At a special meeting today to discuss the fallout from the legal battle over rights of way at the Co Sligo estate, Ciaran Hayes also said the council would do its best to facilitate the owners if, for example, they wanted to have more concerts on the estate.
He told councillors he could not give a guarantee that such a dispute would not happen again. Mr Hayes said the issue had implications for every local authority in the State and implications for legislation. Councillors were told there was a legal onus on the council to defend rights of way.
Building bridges
After a number of councillors urged that the council be more proactive in building bridges, Mr Hayes said he would have no problem in approaching the owners, and a motion urging him to do so was passed.
The meeting was held following the release of a statement from owners Edward Walsh and Constance Cassidy that described a report prepared by officials on the legal background to the case as "a whitewash".
Last November, the Supreme Court found in favour of the owners and overturned a High Court ruling that rights of way existed on four avenues through the estate, the ancestral home of 1916 leader Constance Markievicz.
Mr Hayes told the meeting the council’s costs in the matter were likely to exceed €2 million and some legal bills had been paid from an overdraft. He said the owners would furnish a legal bill to the council, which is liable for 75 per cent of their costs, estimated at up to €7 million. In the absence of agreement it would be referred to the taxing master and could take up to two years to be finalised.
The estate was regarded as one of the leading tourist attractions in the northwest, but it has been closed since 2009. Today, the couple said no decision had been made about its future.
Labour councillor Jim McGarry said the family deserved an apology from Sligo County Council. They were parents and children who had made Lissadell a home, he said. "They put their heart and soul into creating something for the good of the people of Sligo and were treated appallingly," he said.
What had happened was heartbreaking, Mr McGarry said. “Lissadell is now closed, and has been for the past five years,” he said, adding that it had been a tourist attraction that brought more than 40,000 visitors a year to Sligo.

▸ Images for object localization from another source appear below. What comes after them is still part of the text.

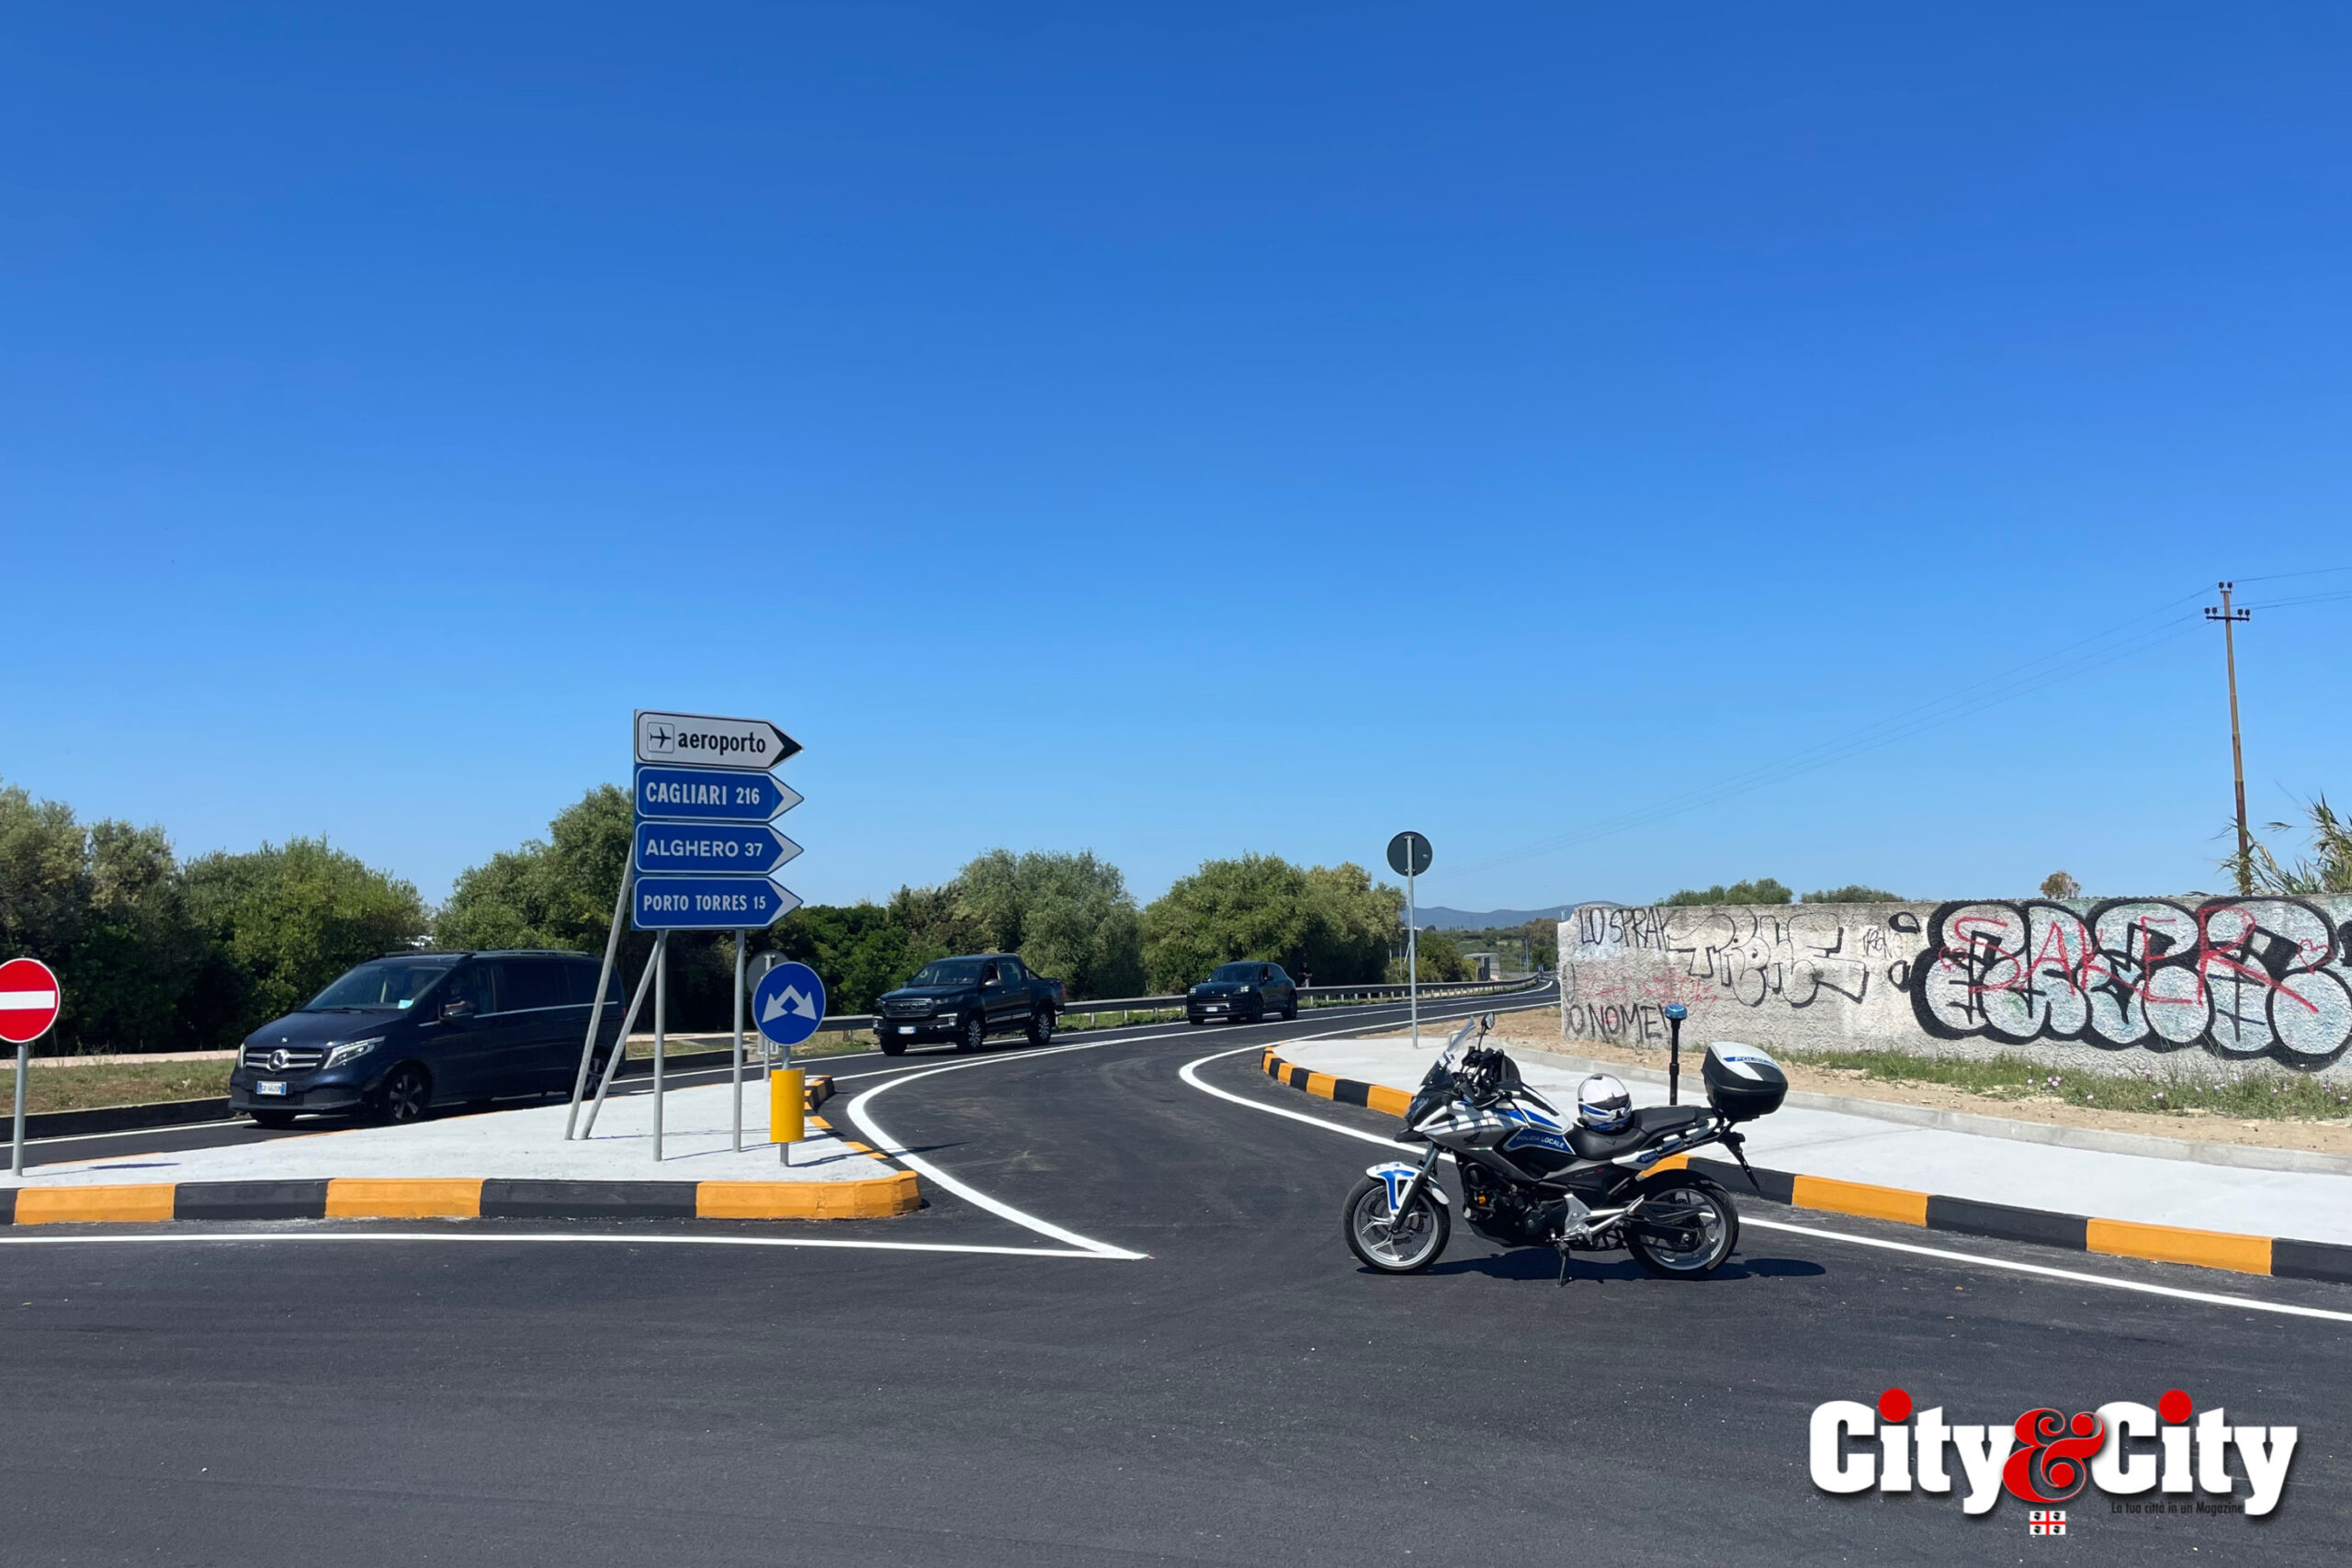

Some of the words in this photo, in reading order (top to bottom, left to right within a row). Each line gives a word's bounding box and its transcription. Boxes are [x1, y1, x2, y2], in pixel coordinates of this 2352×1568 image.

[678, 732, 766, 755] aeroporto
[646, 782, 727, 806] CAGLIARI
[736, 787, 761, 805] 216
[645, 840, 739, 857] ALGHERO
[744, 842, 763, 857] 37
[644, 895, 689, 911] PORTO
[695, 895, 748, 911] TORRES
[753, 896, 766, 909] 15
[1579, 907, 1605, 945] LO
[1610, 907, 1678, 953] SPRAY
[1541, 1135, 1566, 1149] LOCALE
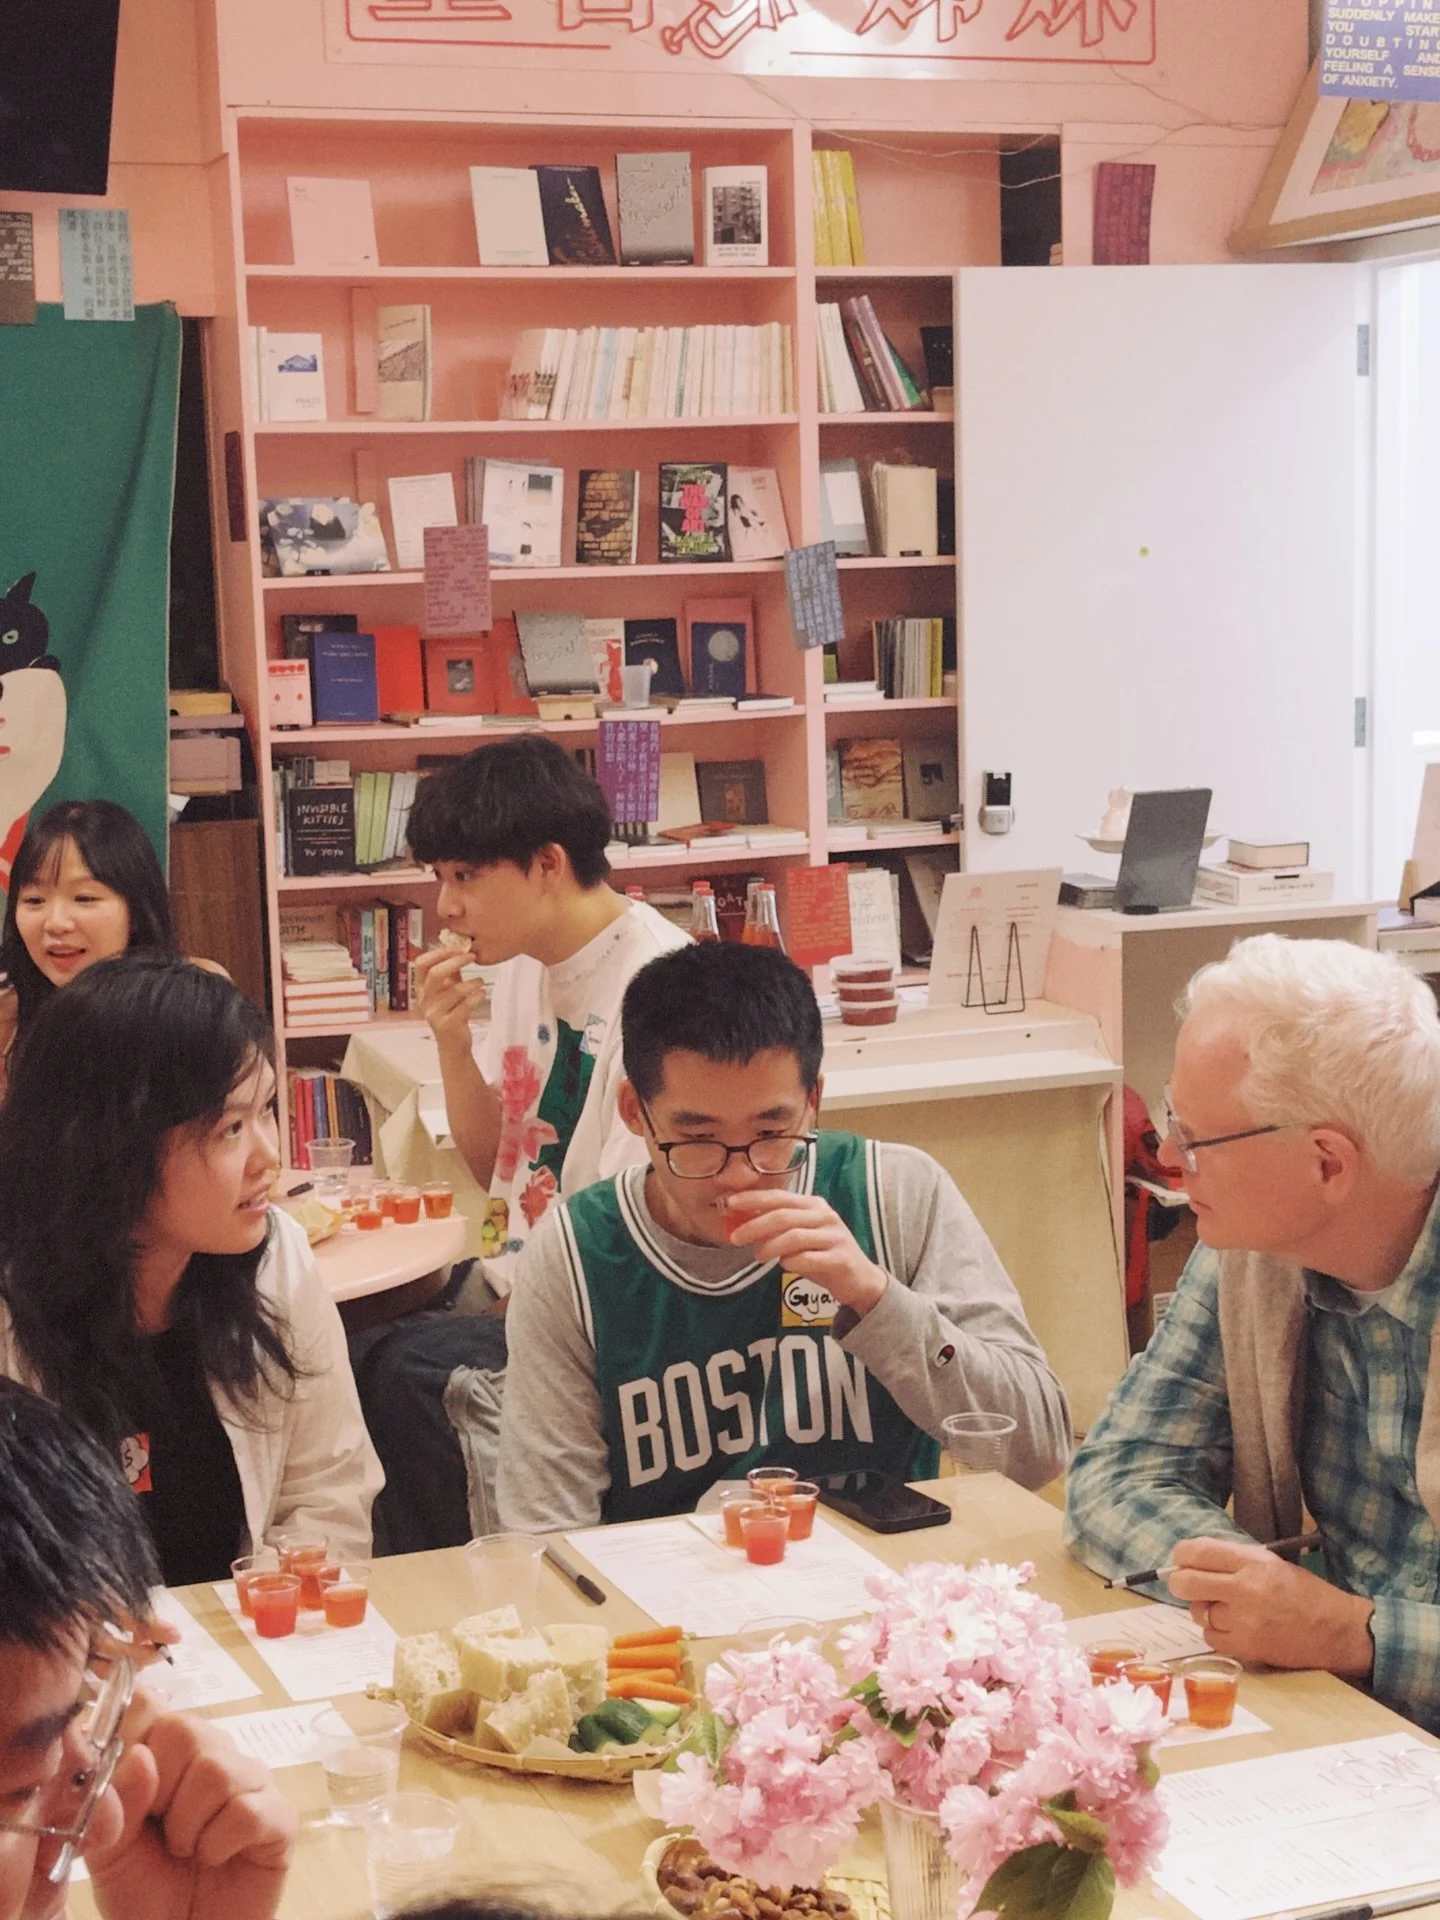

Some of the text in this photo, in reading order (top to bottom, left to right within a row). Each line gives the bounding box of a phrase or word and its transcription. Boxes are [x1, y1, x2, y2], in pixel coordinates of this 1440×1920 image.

[1328, 7, 1396, 21] SUDDENLY
[1327, 20, 1355, 33] YOU
[1326, 47, 1391, 61] YOURSELF
[1323, 60, 1374, 74] FEELING
[1383, 63, 1394, 75] A
[1323, 73, 1399, 89] OF ANXIETY.
[297, 802, 348, 816] INVISIBLE
[618, 1334, 874, 1488] BOSTON

In December 2008 the county council had passed a motion to amend its county development plan aimed at protecting public rights of way along four routes at Lissadell.
Heckled
Fine Gael councillor Joe Leonard, who had proposed the motion, was heckled by Mr McGarry as he told colleagues his conscience was clear.
“I did the right thing. I would do exactly the same again,” said Mr Leonard, adding he had acted in the interests of the local community.
“I applaud the strenuous and repeated efforts by Sligo County Council to achieve a negotiated settlement,” he said.
Mr Leonard told the sometimes heated meeting the Supreme Court’s decision to completely reverse the High Court ruling was “in the eyes of the community, and in my own opinion, unbelievable”. He said the ruling on costs was “equally mystifying to any reasonable observer”.
Seán MacManus of Sinn Féin said the council could not wait for an approach from the owners but had to “extend a hand to the Walsh-Cassidy family, even at this late juncture”.